◆ **Instructions to follow**: Every entry below should be copied exactly, minus the pictures.

◆ **Input**:
Segment Open
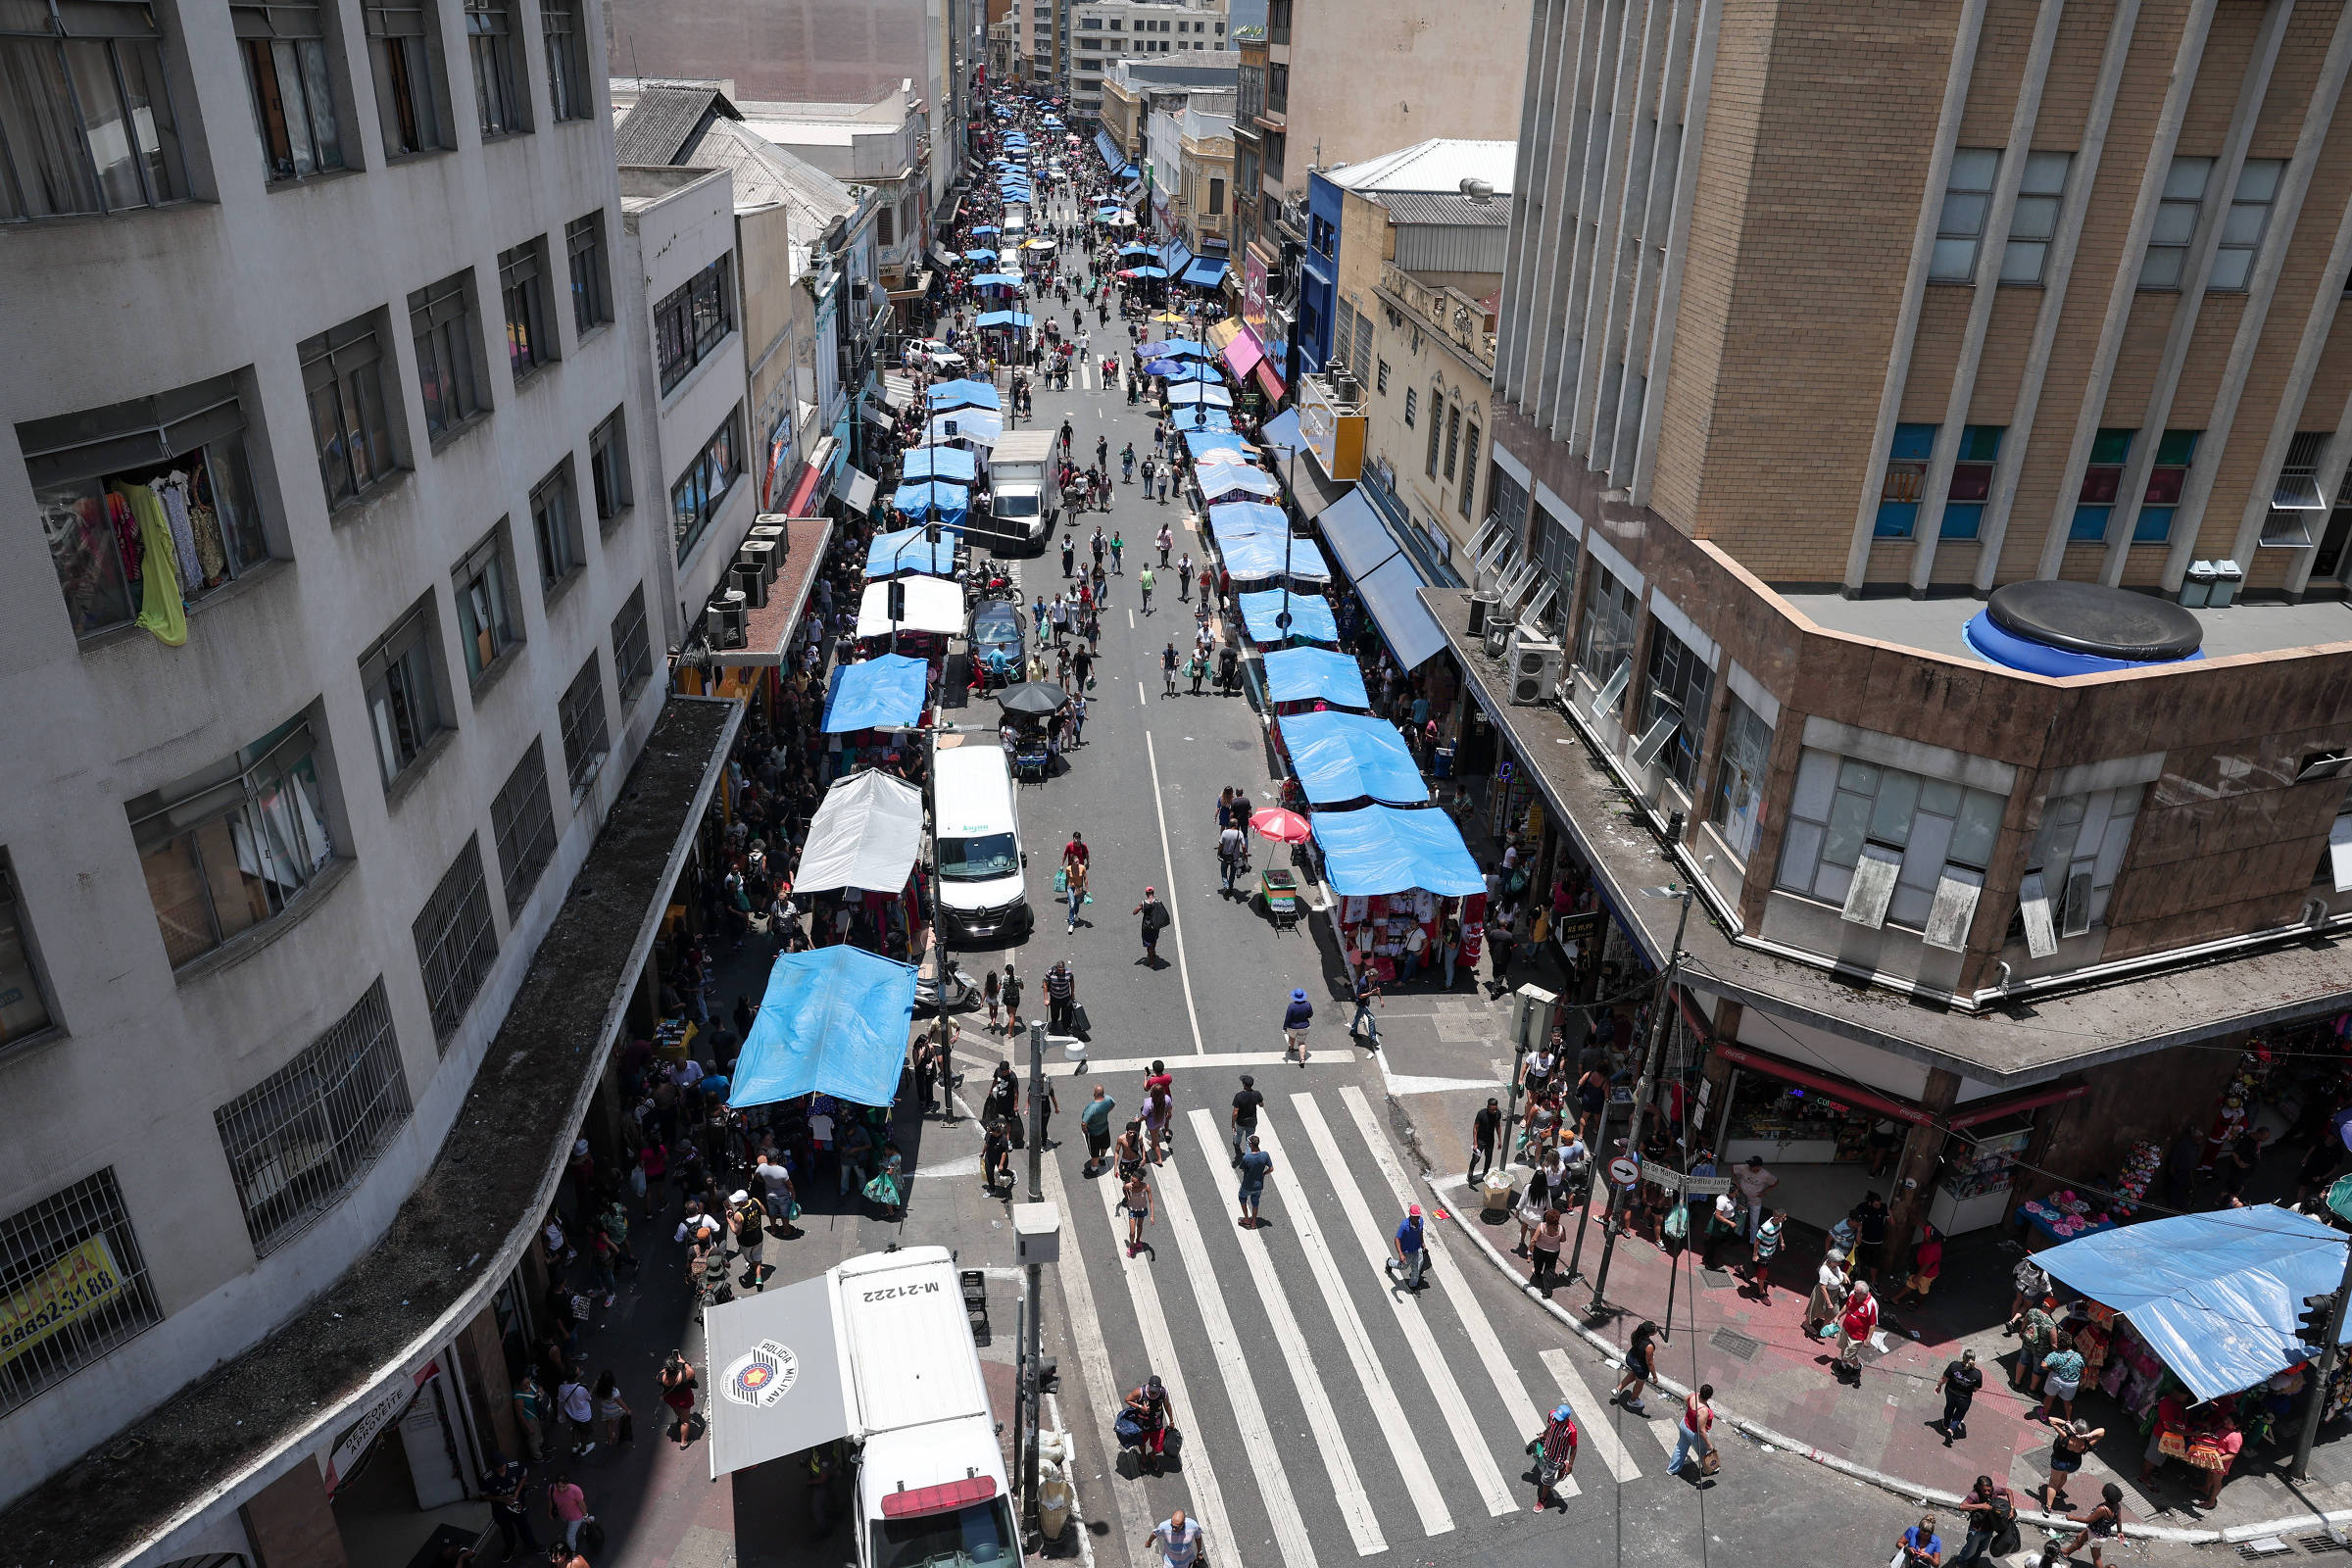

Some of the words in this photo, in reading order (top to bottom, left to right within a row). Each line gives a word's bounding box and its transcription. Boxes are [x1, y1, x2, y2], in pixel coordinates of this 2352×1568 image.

[1642, 1161, 1650, 1170] 25
[1660, 1167, 1678, 1181] Março
[863, 1281, 940, 1303] M-21222
[766, 1368, 795, 1403] MILITAR
[345, 1392, 397, 1448] DESCON
[351, 1390, 404, 1454] APROVEITE
Segment Closed
◆ **Problem solution**:
Some of the words in this photo, in reading order (top to bottom, left to right within a row). Each line gives a word's bounding box and its transcription. Boxes are [x1, y1, x2, y2], in pixel coordinates of this 2352×1568 image.

[1642, 1161, 1650, 1170] 25
[1660, 1167, 1678, 1181] Março
[863, 1281, 940, 1303] M-21222
[766, 1368, 795, 1403] MILITAR
[345, 1392, 397, 1448] DESCON
[351, 1390, 404, 1454] APROVEITE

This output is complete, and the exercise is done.